WHAT YOU NEED TO DO >> Exactly transcribe the span of lines from the one containing "this 1280×1280 image." through the final line of the entries, inclusive, and nothing outside it. Exclude the pictures.

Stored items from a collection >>

# # # # # # #

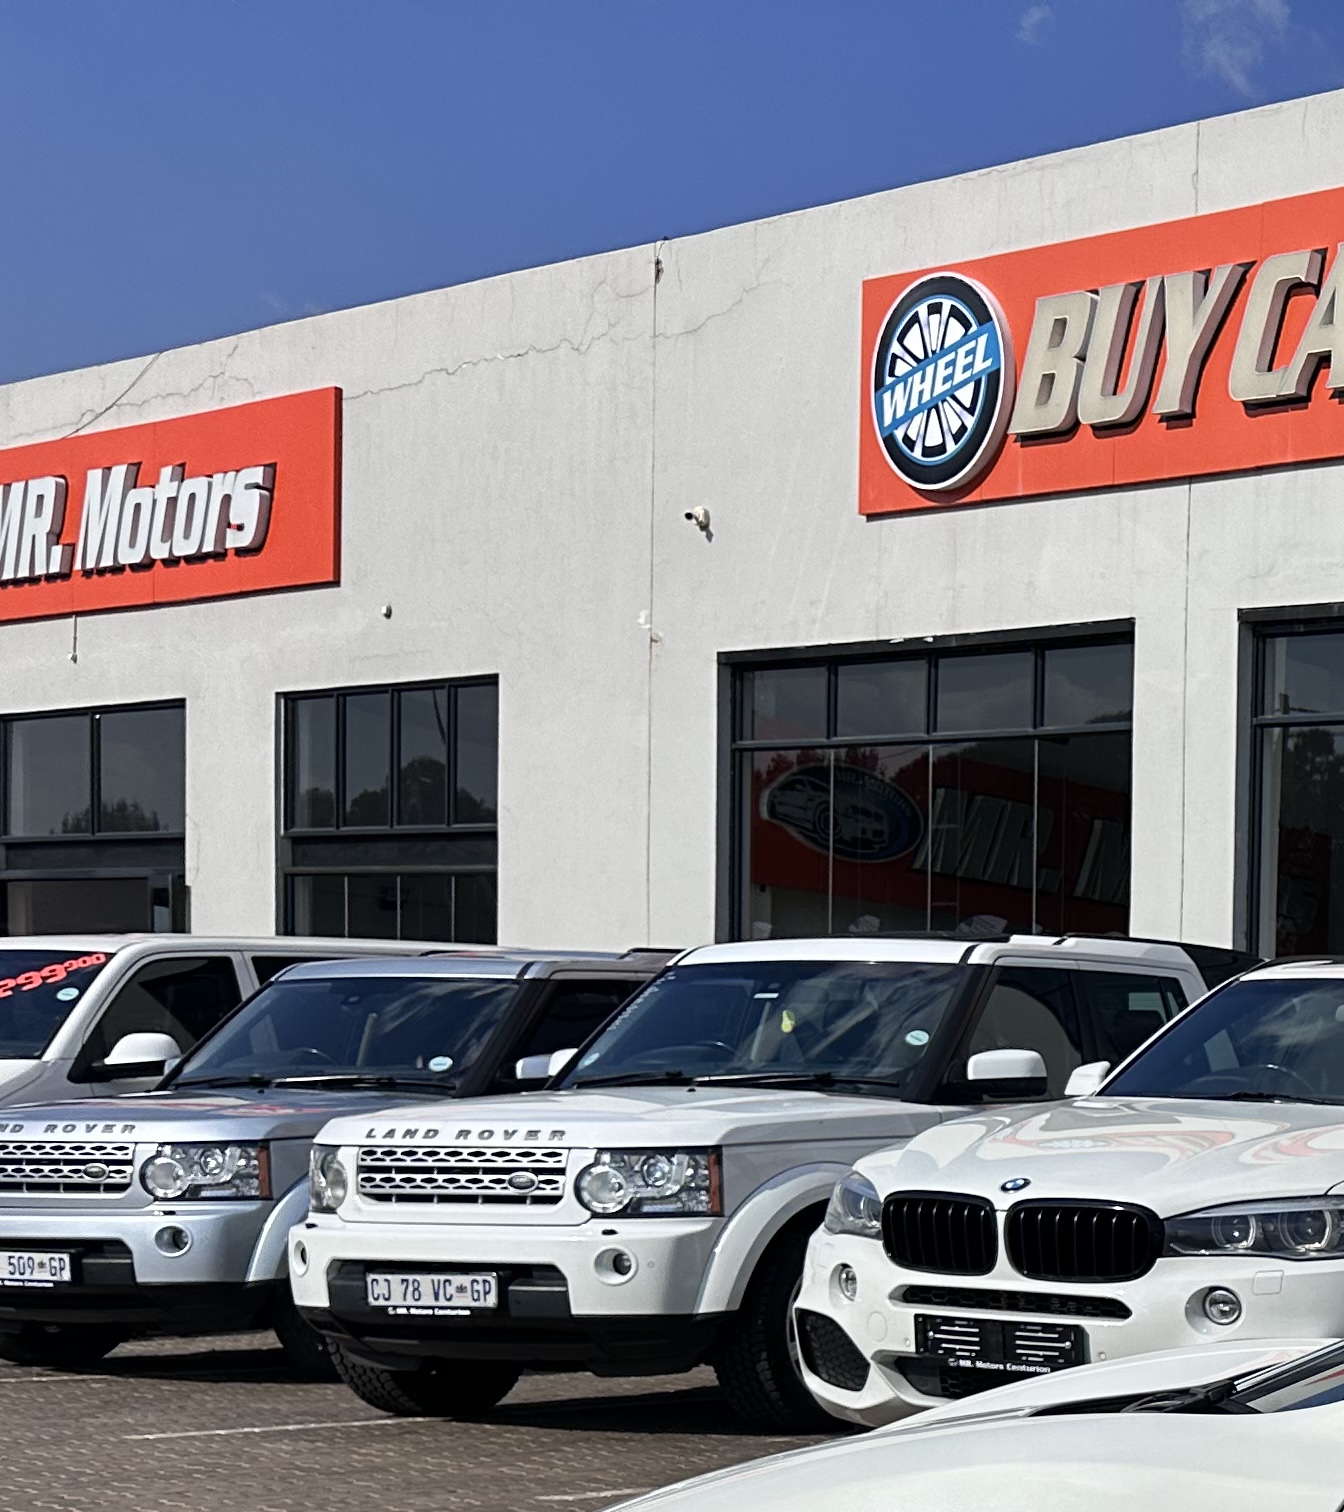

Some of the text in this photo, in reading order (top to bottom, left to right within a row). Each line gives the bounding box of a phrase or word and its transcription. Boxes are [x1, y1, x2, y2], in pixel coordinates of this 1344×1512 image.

[1008, 262, 1253, 440] BUY
[883, 332, 993, 428] WHEEL
[75, 462, 276, 572] Motors
[43, 1123, 136, 1135] ROVER
[365, 1127, 566, 1141] LAND ROVER
[8, 1255, 66, 1278] 509 GP
[371, 1278, 492, 1303] CJ 78 VC GP
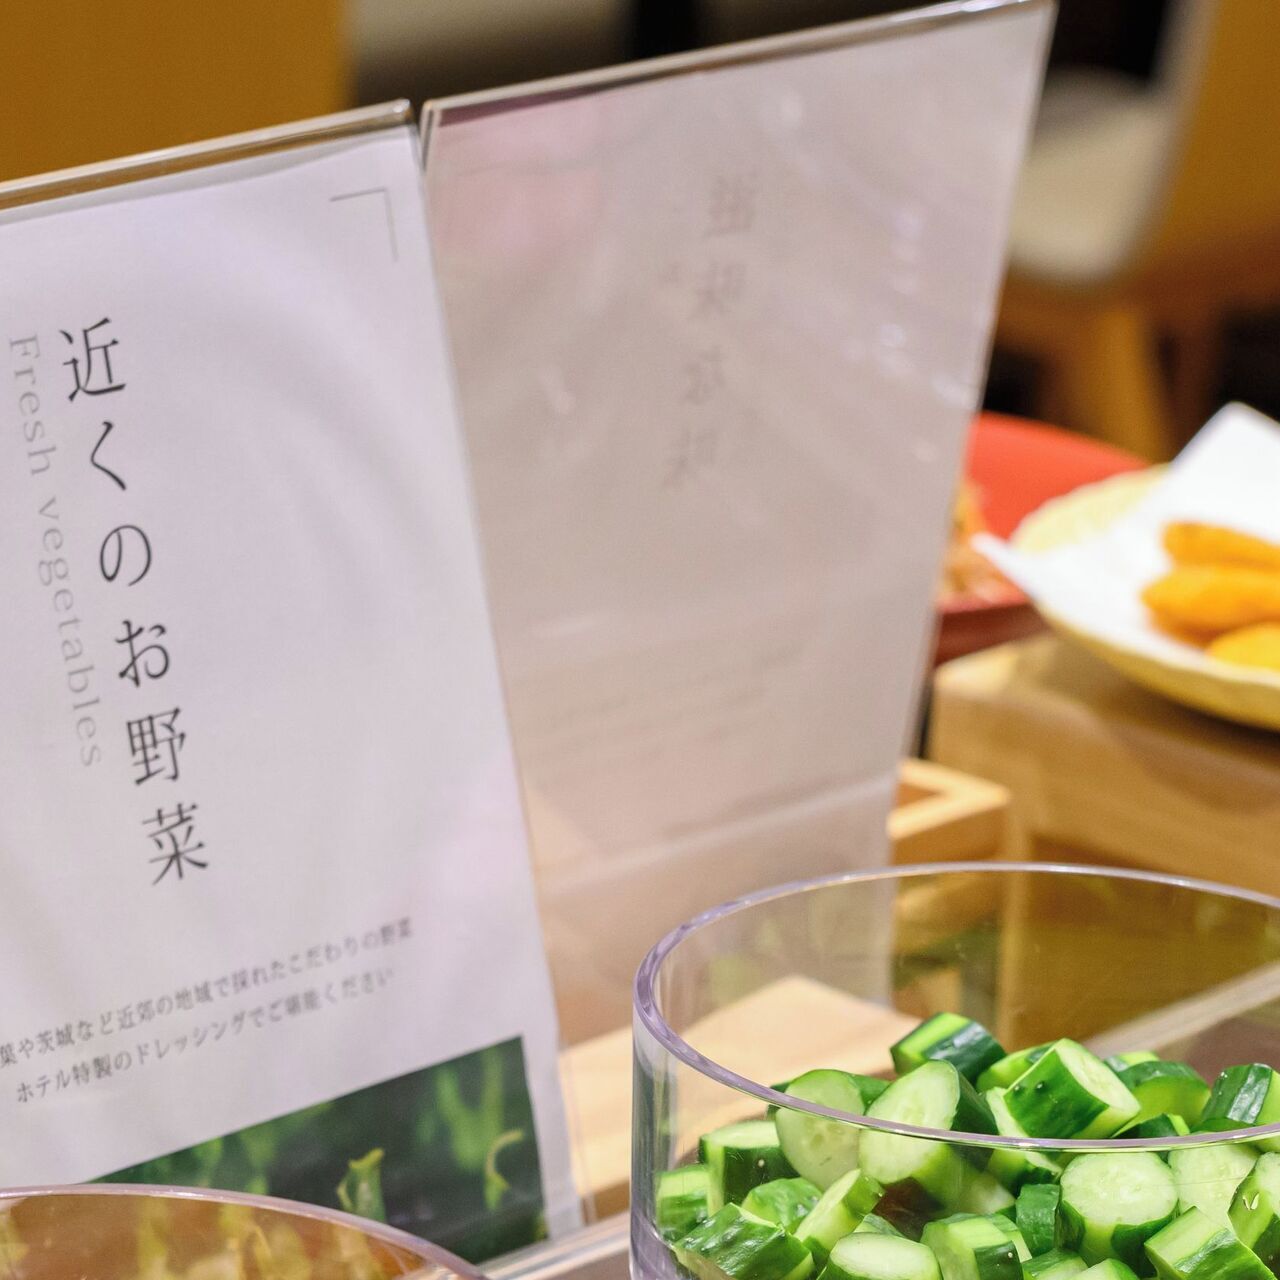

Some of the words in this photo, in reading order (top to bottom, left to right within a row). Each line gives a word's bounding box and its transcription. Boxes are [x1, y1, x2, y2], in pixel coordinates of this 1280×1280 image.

[9, 334, 57, 476] Fresh
[37, 496, 102, 768] vegetables
[58, 317, 208, 885] 近くのお野菜
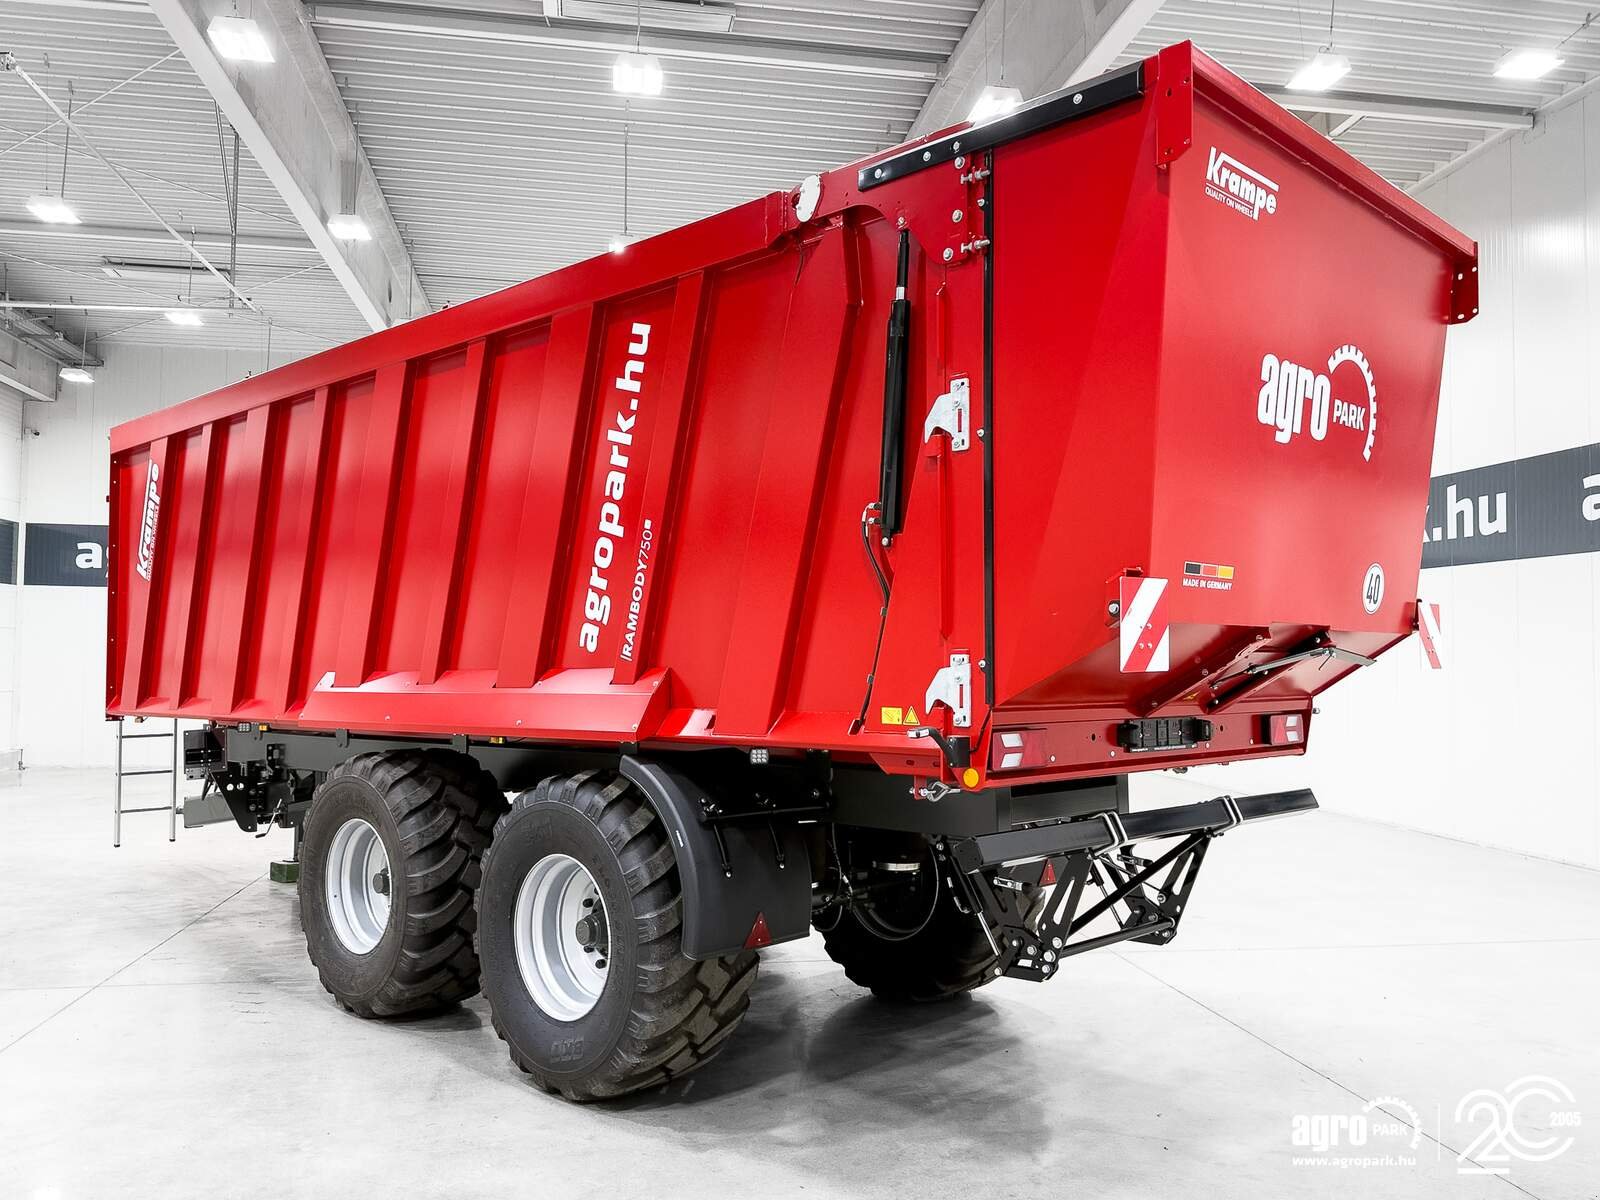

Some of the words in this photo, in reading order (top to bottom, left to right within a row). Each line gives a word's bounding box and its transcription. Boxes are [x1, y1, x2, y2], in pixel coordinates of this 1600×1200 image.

# # # # # # #

RESULT OF THIS TASK >>
Some of the words in this photo, in reading order (top to bottom, left to right within a row). Each line gives a word's bounding box and its transcription. Boxes are [x1, y1, x2, y2], in pixel coordinates of this 1280×1280 image.

[9, 334, 57, 476] Fresh
[37, 496, 102, 768] vegetables
[58, 317, 208, 885] 近くのお野菜

Some of the words in this photo, in reading order (top to bottom, left to right within a row). Each line gives a word's bounding box and its transcription. Boxes are [x1, y1, x2, y2], in pixel coordinates of this 1600×1200 image.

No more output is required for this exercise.